Information Technology Expenses
Information Technology expenses for the six months ended June 30, 2024, increased by $38 thousand or 2% compared to the same period in 2023. The increase during the six months ended June 30, 2024 was primarily due to an increase of $0.8 million in AI related platform development costs, an increase of $0.6 million in web hosting costs, and an increase of $0.3 million in off shore IT costs, which was partially offset by an increase of $1.8 million of software costs capitalized during six months ended June 30, 2024.
Provision for Credit Losses, Net
Provision for credit losses, net for the six months ended June 30, 2024 increased by $0.6 million, or 92%, compared to the same period in 2023, due to changes in estimated recovery of accounts receivable during the six months ended June 30, 2023.
Depreciation and Amortization
Depreciation and amortization expenses for the six months ended June 30, 2024 increased by $2.0 million or 28% compared to the same period in 2023. The increase was primarily due to an increase in amortization from additional capitalized software and an increase in amortization of intangibles as a result of the acquisitions of Orinter, Interep, Consolid, Skypass and Purplegrids subsequent to the second quarter of 2023.
Restructuring Expense, Net
Restructuring expense for the six months ended June 30, 2024 decreased by $1.5 million, or 110% compared to the same period in 2023. Restructuring expense for the six months ended June 30, 2024 was a net benefit of $0.1 million due to gain recognized on the early termination of a lease offset by one-time severance payments. Restructuring expense during the six months ended June 30, 2023 was a net expense of $1.4 million due to employee severance and other termination benefits activities that took place during the six months ended June 30, 2023.
Interest Income
Interest income for the six months ended June 30, 2024 decreased by $0.3 million or 42% compared to the same period in 2023 due to a decrease in cash balances.
Interest Expense
Interest expense for the six months ended June 30, 2024 increased by $6.1 million or 37% compared to the same periods in 2023. The increase was primarily due to increase was due to market increases in the SOFR benchmark and additional debt amendment fees incurred on our Term Loan.
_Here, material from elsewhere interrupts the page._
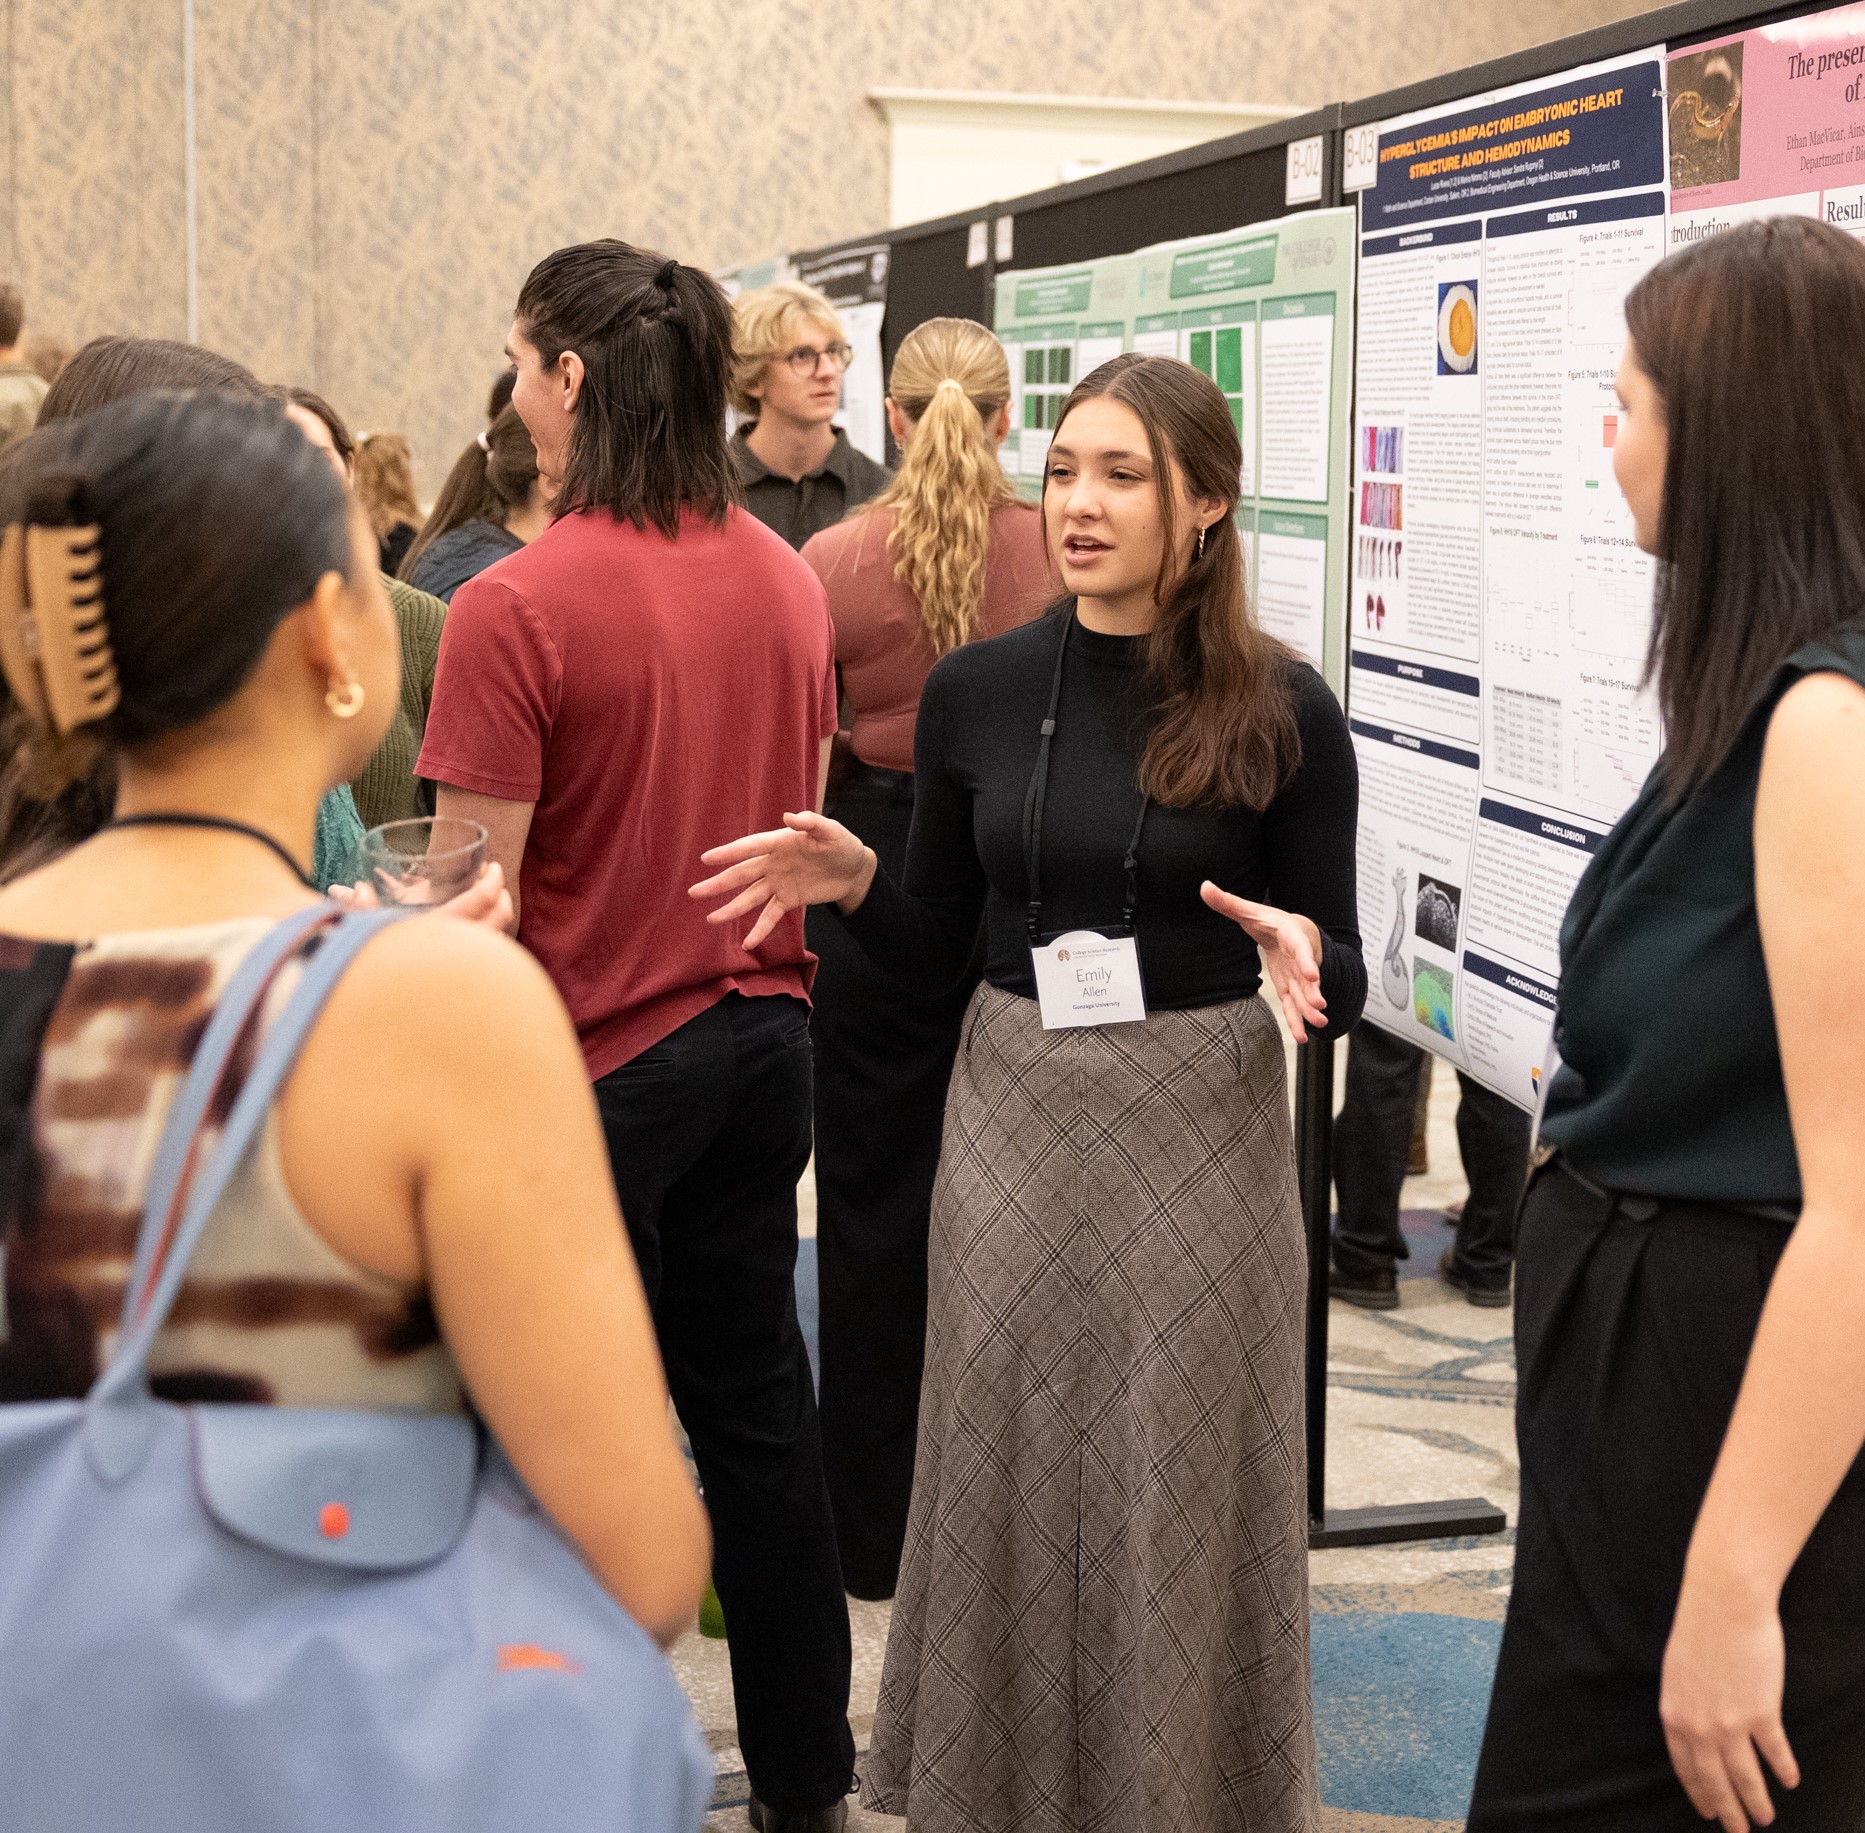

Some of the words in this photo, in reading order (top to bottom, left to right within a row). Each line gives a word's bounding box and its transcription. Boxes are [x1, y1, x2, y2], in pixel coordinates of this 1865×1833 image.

The remaining interest incurred of $2.8 million for upfront collection of other receivables by Orinter and Interep during the six months ended June 30, 2024.
Changes in Fair Value of Warrant Liability
Changes in fair value of warrant liability for the six months ended June 30, 2024 totaled $0.3 million. The change in the fair value of the warrant liability is driven by changes in the market price of the Company's common stock.
Other Expense, Net
Other expense, net for the six months ended June 30, 2024 increased by $4.8 million compared to the same period in 2023, primarily due to losses on foreign currency exchange generated in our foreign operations.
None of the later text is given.